Alexander Watkins Terrell

Alexander Watkins Terrell was born on November 3, 1827, in Patrick County, Virginia, the son of Christopher and Susan (Kennedy) Terrell. His father, a doctor, died when Terrell was six years old. The family moved to Boonville, Missouri, in 1832. Terrell attended the University of Missouri, studied law, and practiced in St. Joseph, Missouri, from 1849 to 1852. In that year he moved to Austin, Texas, practicing law there and becoming a judge.

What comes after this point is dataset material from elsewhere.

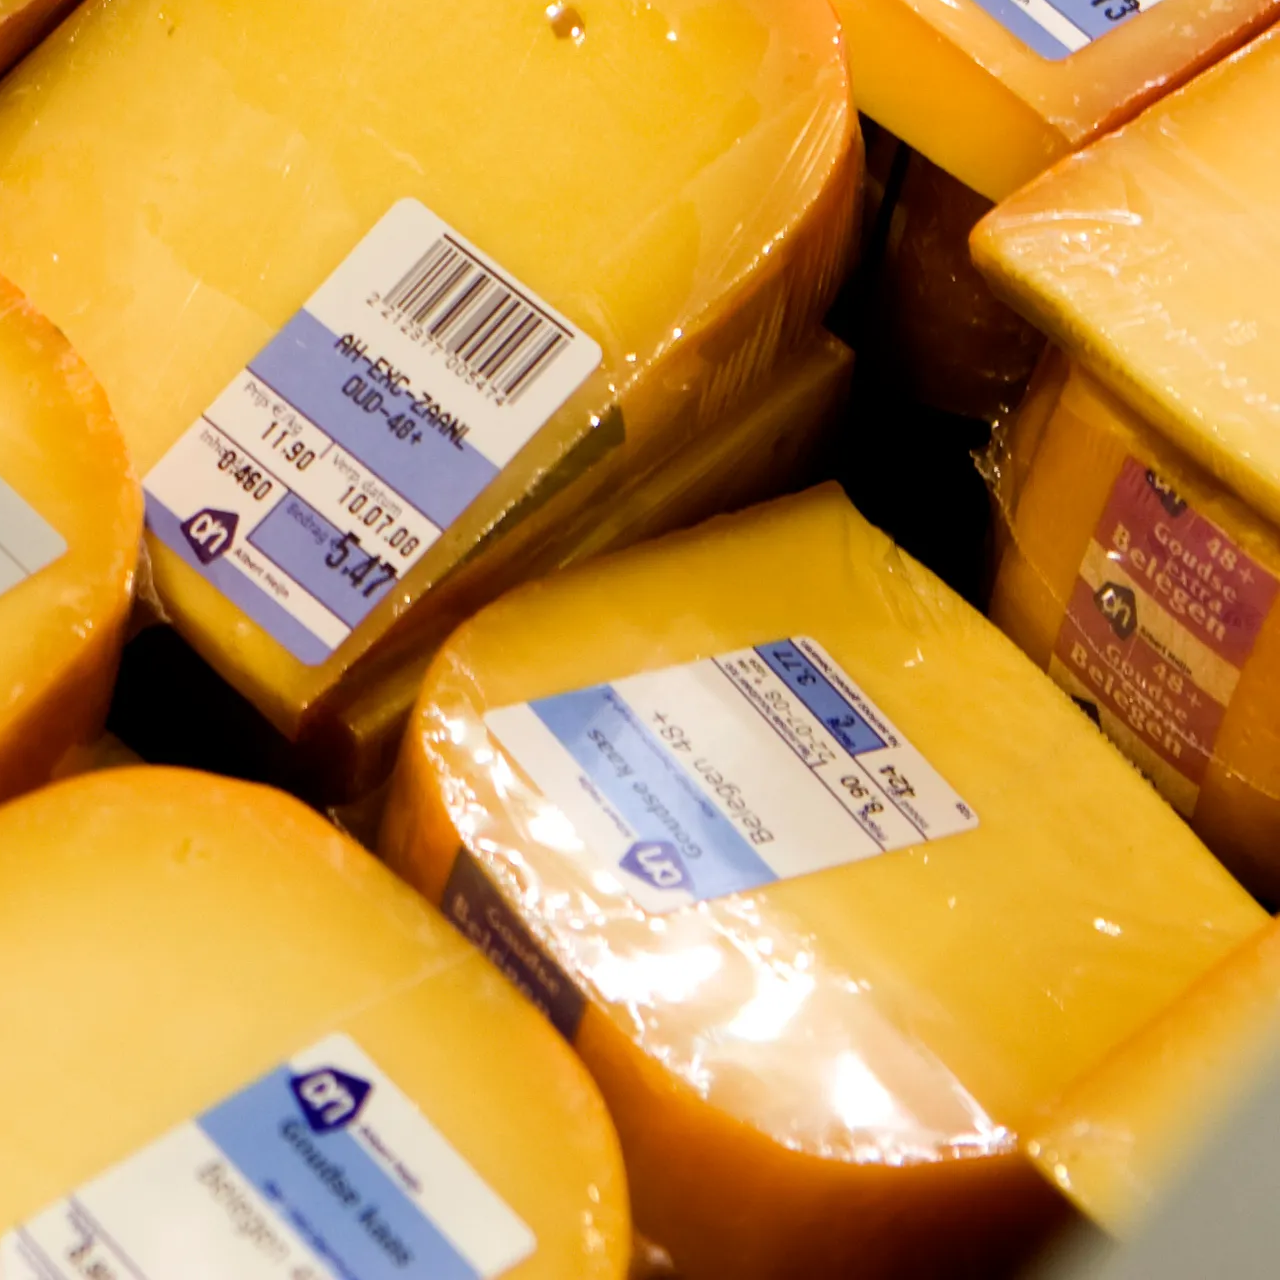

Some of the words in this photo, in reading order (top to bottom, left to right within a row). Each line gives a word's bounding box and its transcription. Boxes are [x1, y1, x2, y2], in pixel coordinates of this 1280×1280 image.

Terrell, a close friend of Governor Sam Houston, opposed secession (like the governor) and favored a compromise of sectional differences. Nevertheless, when Texas seceded Terrell went with his state. The first two years of the war, in between his judicial duties, he served as a volunteer aide and as major of the 1st Texas Cavalry. For most of 1862 he was a captain and volunteer aide-de-camp to Brigadier General Henry McCullough, who commanded Texas troops stationed in Arkansas. Declining a colonel's commission in 1861, Terrell was thereafter repeatedly recommended for an officer's commission. Texas Governor Francis Lubbock, for one, praised Terrell's service in Arkansas "without pay or rank, which was declined by him several times." Lubbock said that Terrell "had one of the finest minds in the state." On March 31, 1863, Terrell was commissioned lieutenant colonel of a cavalry battalion later built up into the 34th Texas Cavalry. Upon the formation of the regiment (June 20, 1863) Terrell was chosen colonel. In July, 1863, Terrell was temporarily assigned to command the Northern Sub-District of Texas. The 34th spent the balance of 1863 in various camps in the District of Texas. In March, 1864, the 34th, along with most of the troops in Texas, were ordered to Louisiana to oppose the Union advance on Shreveport. At the Battle of Mansfield (April 8, 1864) Terrell's troops attacked on the Union right. At the Battles of Pleasant Hill the next day his dismounted troopers seized a Union position but could advance no further. At the Battle of Mansura (May 16) Terrell led Arthur Bagby's veteran cavalry brigade. In September, 1864, Terrell was given command of a brigade of three Texas cavalry regiments, which formed the advance line of the Confederate positions in west Louisiana. But by the end of the year Brigadier General Bagby assumed command of the brigade, and Terrell returned to command of the 34th. In late April, 1865, the brigade was drawn back to Texas. Hearing of Lee's surrender at Appomattox, the troops deserted their colors. On May 14, 1865, Terrell, recognizing the war was lost, disbanded his regiment. Two days later (May 16, 1865) General Kirby Smith, who had not heard of Terrell disbanding his unit, assigned the "daring and efficient" Terrell brigadier general to succeed Bagby (promoted that day to major general) in command of the brigade. By this late date there was no brigade left to command—Terrell had the title, but no troops.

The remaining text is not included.